El proceso de envejecimiento conlleva alteraciones cognitivas que impactan directamente en la capacidad de respuesta al conducir. Una investigación conjunta entre la Fundación Mapfre y el Hospital de la Santa Creu i Sant Pau de Barcelona ha analizado este fenómeno, determinando que, aunque cada individuo evoluciona de forma distinta, existe un umbral crítico donde el riesgo para la seguridad vial se incrementa notablemente. El estudio subraya que la transición hacia el cese de la conducción debe abordarse mediante un diálogo sincero entre los adultos mayores, sus familias y los profesionales de la salud.

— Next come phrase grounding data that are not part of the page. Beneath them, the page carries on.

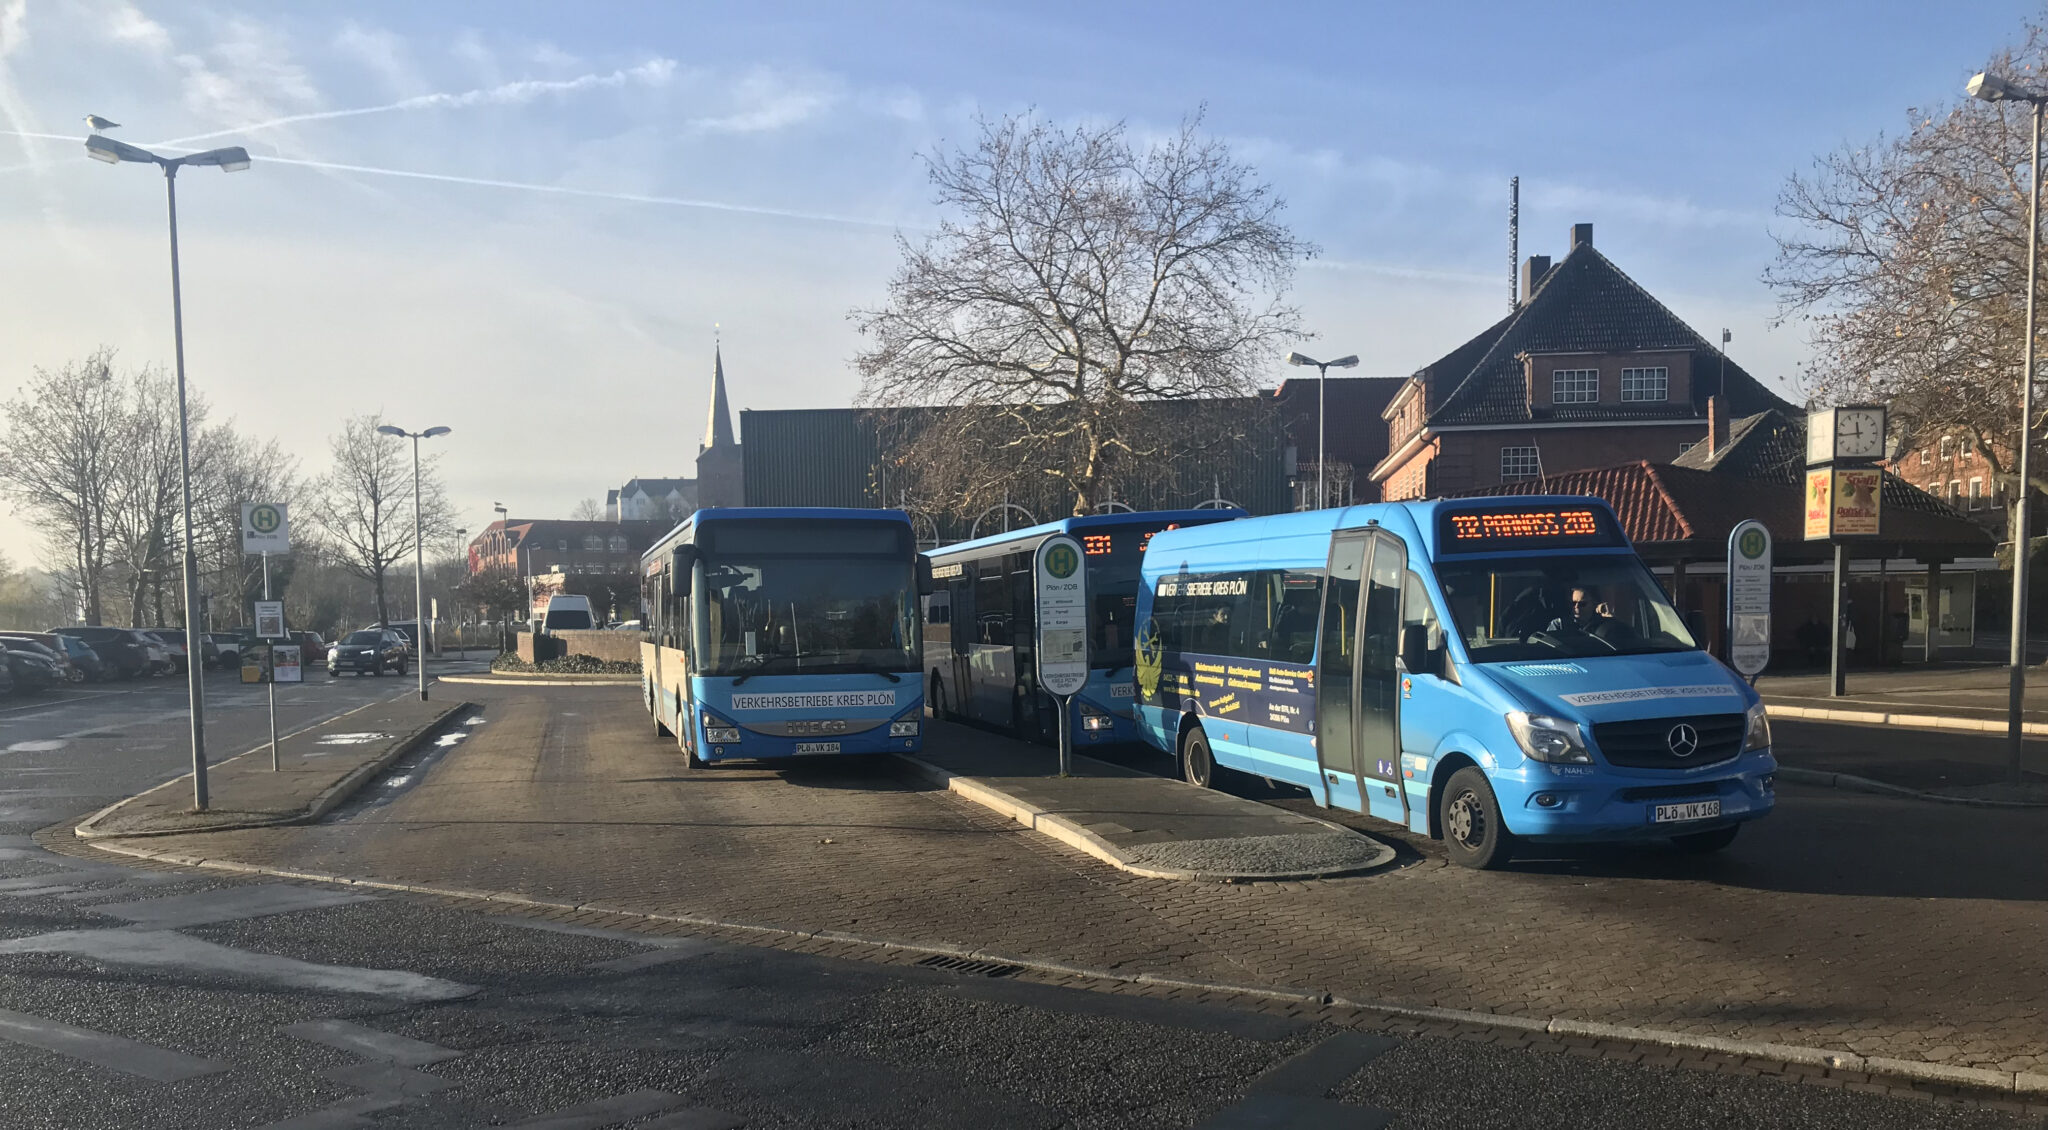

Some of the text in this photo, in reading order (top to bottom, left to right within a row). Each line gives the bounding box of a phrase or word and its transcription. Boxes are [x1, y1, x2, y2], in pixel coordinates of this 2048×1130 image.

[257, 510, 273, 527] H
[1452, 511, 1596, 538] 332 PARNASS ZOB
[1083, 535, 1111, 554] 331
[1746, 533, 1759, 553] H
[1054, 551, 1069, 570] H
[1229, 578, 1248, 595] PLÖN
[733, 691, 895, 709] VERKEHRSBETRIEBE KREIS PLÖN
[1572, 687, 1679, 703] VERKEHRSBETRIEBE
[787, 720, 847, 734] IVECO
[816, 743, 825, 752] VK
[826, 743, 840, 752] 184
[1657, 802, 1719, 820] PLÖ VK 168

Los datos revelan una discrepancia significativa en la percepción del retiro: mientras que casi la mitad de los exconductores admite haber dejado las llaves por presión de su entorno, el 74% de los familiares sostiene que la decisión fue forzada por el evidente deterioro físico o mental. Entre los factores determinantes para abandonar el vehículo destacan los fallos de memoria, las complicaciones en el manejo operativo del auto y diagnósticos de demencia. Esta etapa suele vivirse con una fuerte carga negativa, ya que perder la licencia simboliza para muchos la pérdida definitiva de su autonomía e independencia personal.

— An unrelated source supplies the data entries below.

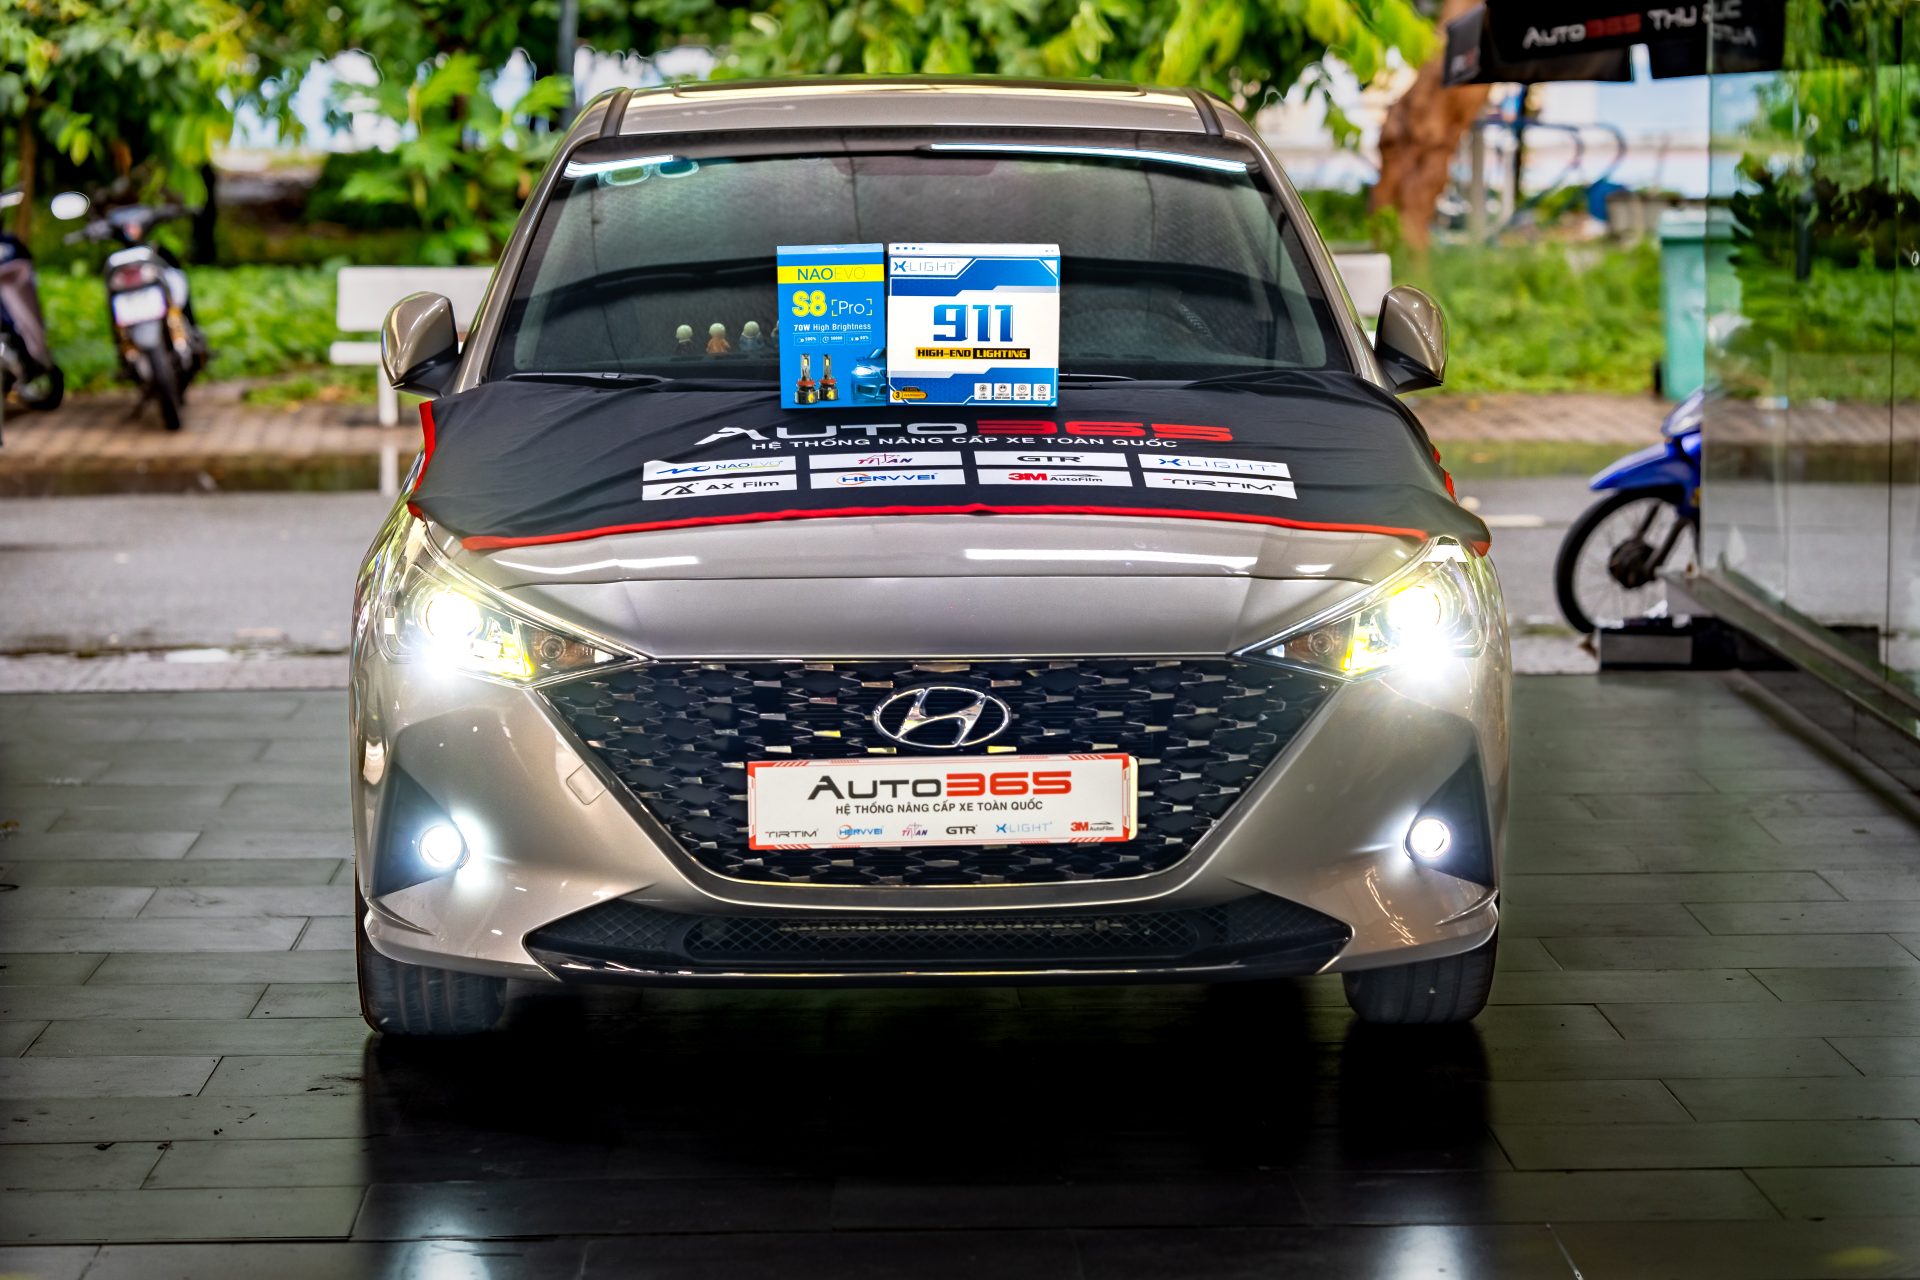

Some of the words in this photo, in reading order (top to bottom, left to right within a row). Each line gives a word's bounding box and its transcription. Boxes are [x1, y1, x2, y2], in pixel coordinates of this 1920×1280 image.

[792, 290, 827, 317] S8
[793, 324, 811, 332] 70W
[813, 323, 830, 332] High
[832, 322, 872, 332] Brightness
[933, 304, 1013, 342] 911
[917, 348, 972, 358] HIGH-END
[976, 348, 1027, 358] LIGHTING
[1041, 436, 1105, 446] TOÀN
[1017, 455, 1080, 463] GTR
[1008, 473, 1047, 481] 3M
[706, 483, 734, 491] AX
[808, 771, 1072, 800] AUTO365
[836, 805, 851, 816] HỆ
[959, 802, 974, 811] XE
[978, 799, 1008, 811] TOÀN
[946, 826, 975, 834] GTR
[1070, 822, 1088, 832] 3M

De acuerdo con la muestra analizada, la edad promedio en la que las personas se retiran de la conducción se sitúa en torno a los 75 años. Para garantizar una movilidad segura en las etapas previas, los especialistas sugieren una serie de pautas preventivas:
Realizar evaluaciones psicofísicas exhaustivas con regularidad.
Evitar circular durante la noche, en horas de alta congestión o bajo climas inestables.
Trasladarse acompañados siempre que las circunstancias lo permitan.
Consultar estrictamente sobre los efectos secundarios de los fármacos en los reflejos.
En el contexto local, la normativa argentina endurece las exigencias de renovación a medida que avanza la edad. A partir de los 65 años, el período de validez del registro se acorta, y desde los 70 años, la vigencia es de apenas doce meses. En cada renovación, los aspirantes deben superar exámenes de aptitud visual, auditiva y psíquica, además de revalidar sus conocimientos teóricos y demostrar destreza en pruebas prácticas de manejo, asegurando que solo quienes mantengan sus capacidades intactas sigan circulando por la vía pública.